The firm took the psychographic profiles it was building off the Facebook data at the time and combined them with voter databases and other sets of data. Staff from SCL’s elections division, which through a convoluted corporate structure was interchangeable with Cambridge, discussed what they were doing at a meeting in July 2014 with another contractor for the Bolton PAC, according to an agenda of the meeting obtained by The Times.

The profiles would be used to “identify the personality traits of individuals” in states to be targeted by the Bolton PAC, said the agenda, which was prepared for SCL and Cambridge staff. “Individuals can be targeted with the right message,” it said.

The agenda also included a line, in boldfaced text, that said SCL wanted to use voter contact lists available to Bolton’s campaign to direct people “toward the FB app.” Cambridge, working through an outside researcher, used a Facebook app to harvest data from the social network’s profiles. The app claimed to be collecting data for academic research, and users were not aware of its true purpose.

Months later, the relationship between Cambridge and the Bolton PAC had grown so close that the firm was writing up talking points for Mr. Bolton. In an email dated Oct. 1, 2014, Cambridge staff outlined a few sentences that Mr. Bolton could use to describe the work the new firm was doing for his super PAC.

“It’s not just about how much you spend. It’s also about how smart you spend,” the email advised Mr. Bolton to say.

“One way we’re doing that is by enlisting an outside firm” — Cambridge Analytica — “to provide deepdive research into who makes up our audience of target voters,” it continued. “We are producing ads specifically designed for voters of a certain personality and demographic profile. So if you’re a young woman in New Hampshire with a specific kind of personality and a particular set of issues that you care about, our research allows us to connect with that voter in a way that truly resonates with her.”

The subject line of the email: “Did Bannon come back to you on this?”

Question for Martha McSally: Did the Bolton PAC and/or Cambridge Analytica provide you with their psy-ops micro-targeting messaging data? Did either produce social media, direct mail, or television advertising content for your campaigns using their psy-ops micro-targeting messaging data?

If so, you were in receipt of stolen property, i.e., the intellectual property of Facebook (user profiles). This is a violation of the privacy rights of Facebook users.
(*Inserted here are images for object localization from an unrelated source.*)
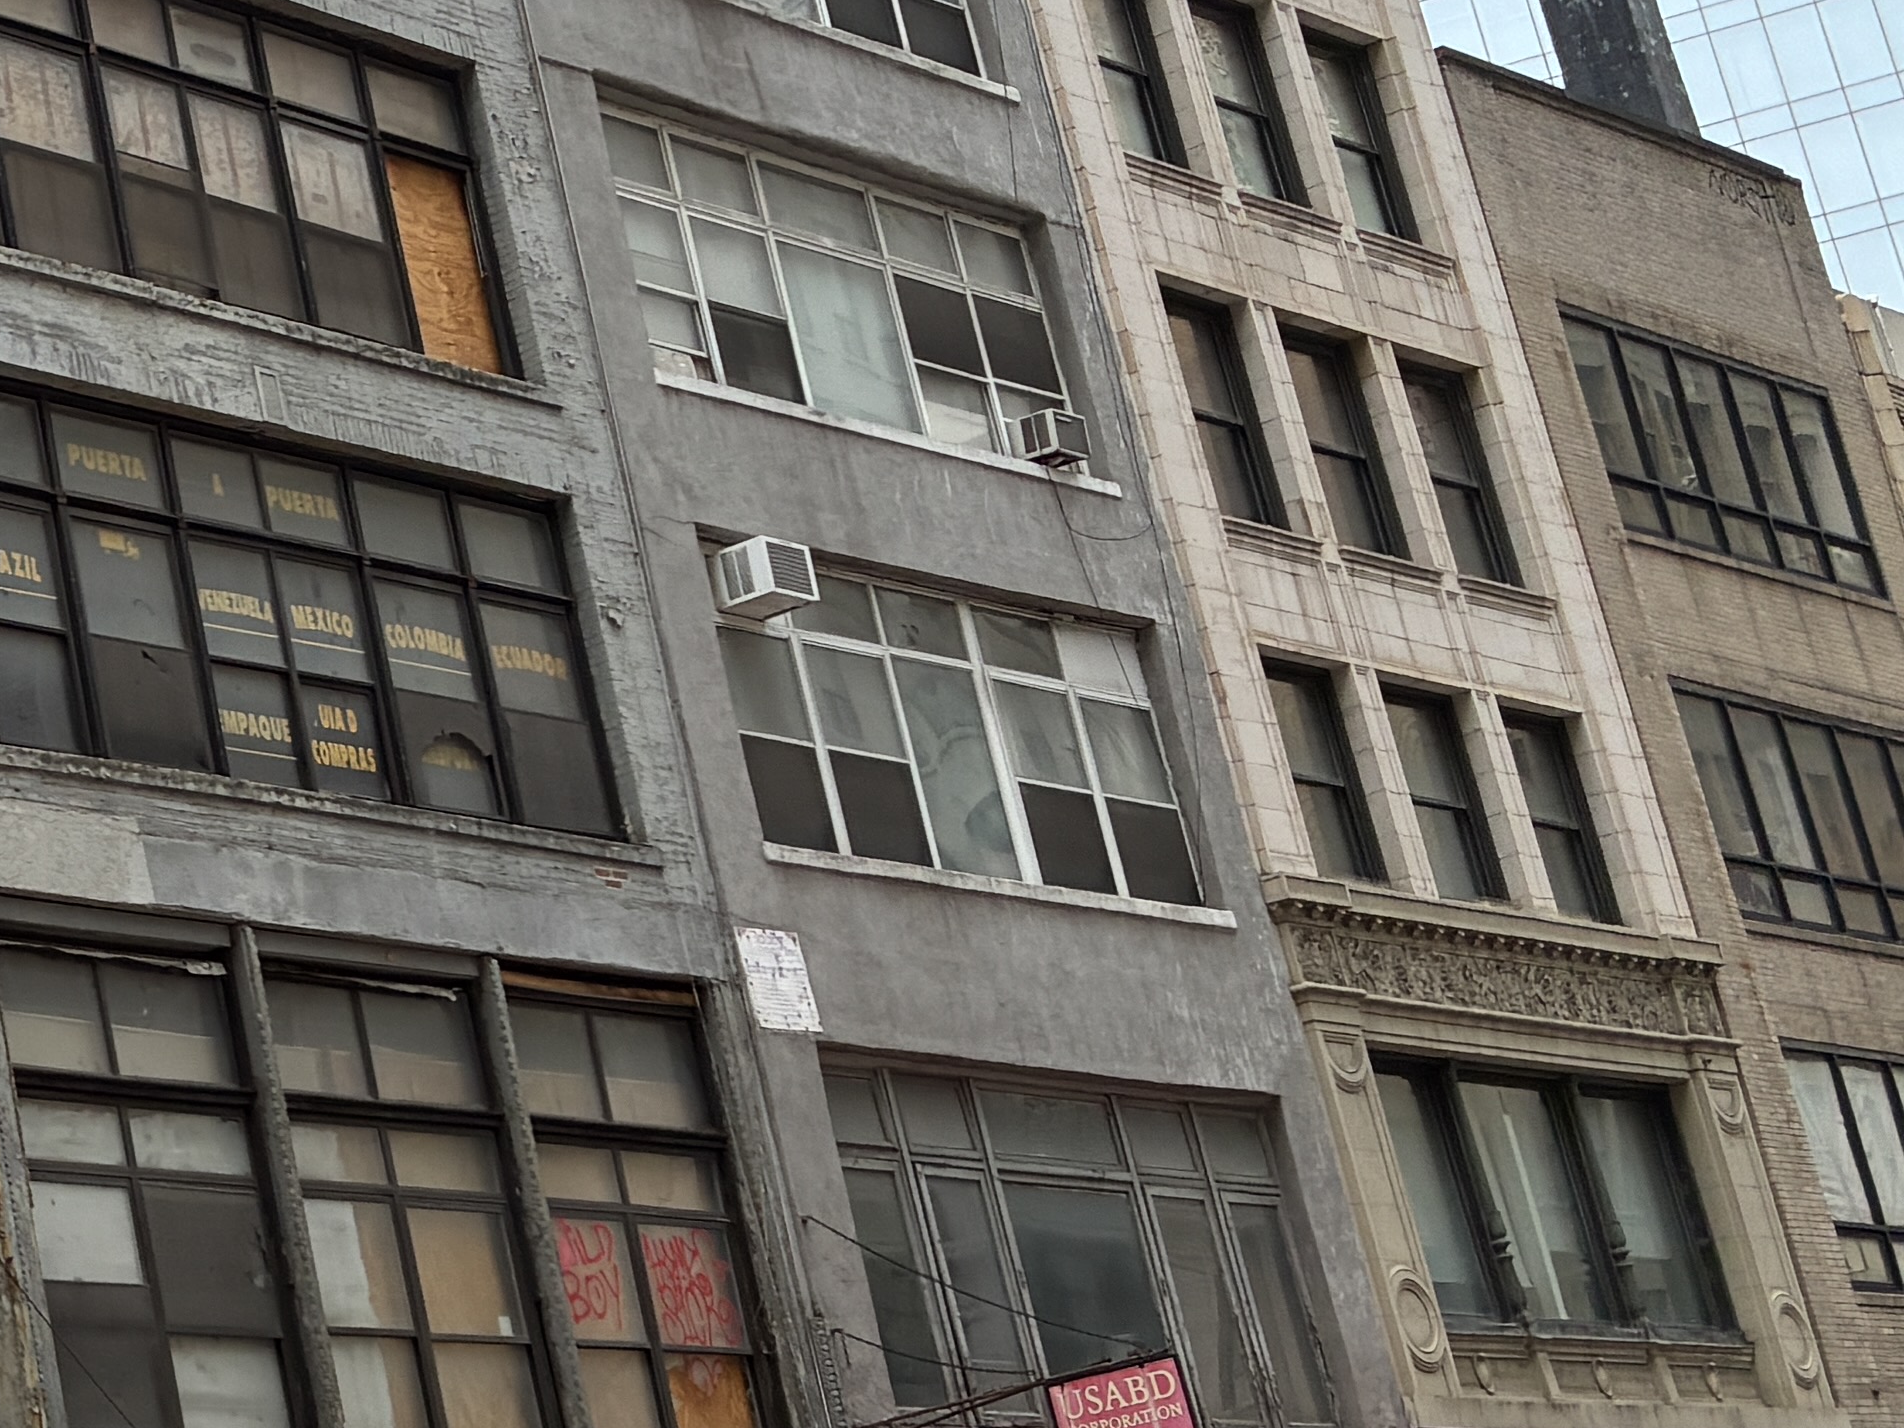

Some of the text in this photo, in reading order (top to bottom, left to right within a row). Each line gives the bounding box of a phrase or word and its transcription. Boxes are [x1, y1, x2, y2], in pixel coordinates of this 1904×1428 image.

[66, 442, 147, 482] PUERTA
[264, 484, 340, 522] PUERTA
[198, 587, 275, 624] VENEZUELA
[290, 604, 354, 639] MEXICO
[384, 623, 467, 662] COLOMBIA
[491, 644, 568, 681] ECUADOR
[314, 703, 345, 732] UIA
[310, 738, 378, 772] COMPRAS
[1059, 1370, 1177, 1420] USABD
Time to come clean, Martha. The Brits may already have your Cambridge Analytica client file in their possession. You probably want to get out in front of Scotland Yard’s investigation and come clean.

2 thoughts on “Martha McSally: The Bolton PAC, Mercer family, and Cambridge Analytica connection”

  1. Bolton hired Cambridge to do psyops on US citizens to convince them that wars are happy places and we want more of them. He’s scum.

    McSockpuppet is a coward who wants a job so bad she will do or say anything and work with anyone and take any money she can get no matter how dirty.

    Bolton is also the head of The Gatestone Institute, a racist organization that pushes fake news.

    So, add “liar” to the list of reasons Bolton is scum.

    https://en.wikipedia.org/wiki/Gatestone_Institute

    Here’s a good rule of thumb, Martha, if you are working with liars and racists, it makes you look like a lying racist.

    Martha used to be against Trump, until it became useful for her.

    And much like John Kavanagh, she doesn’t seem to have ever gotten a paycheck that wasn’t taxpayer funded.

    Why does the AZ GOP keep supporting these fakes?

  2. So, while the entire nation was focused on the March for our Lives rallies yesterday, Martha McSally had this to say:

    Martha McSally Verified account
    @RepMcSally

    I appreciated the opportunity to speak with Christopher Schmaltz from the Tucson Airport Authority this past week. @TucsonAirport is central to our economic viability and I welcome creative ideas to grow its development.
    11:00 AM – 24 Mar 2018

    Some good comments.
    https://twitter.com/RepMcSally/status/977605982879698944

    And on the previous day, March 23, she had this:
    @RepMcSally
    Mar 23

    Happy #NationalPuppyDay to my favorite hiking buddy, Boomer! Give your furry angels, no matter what age, some love today.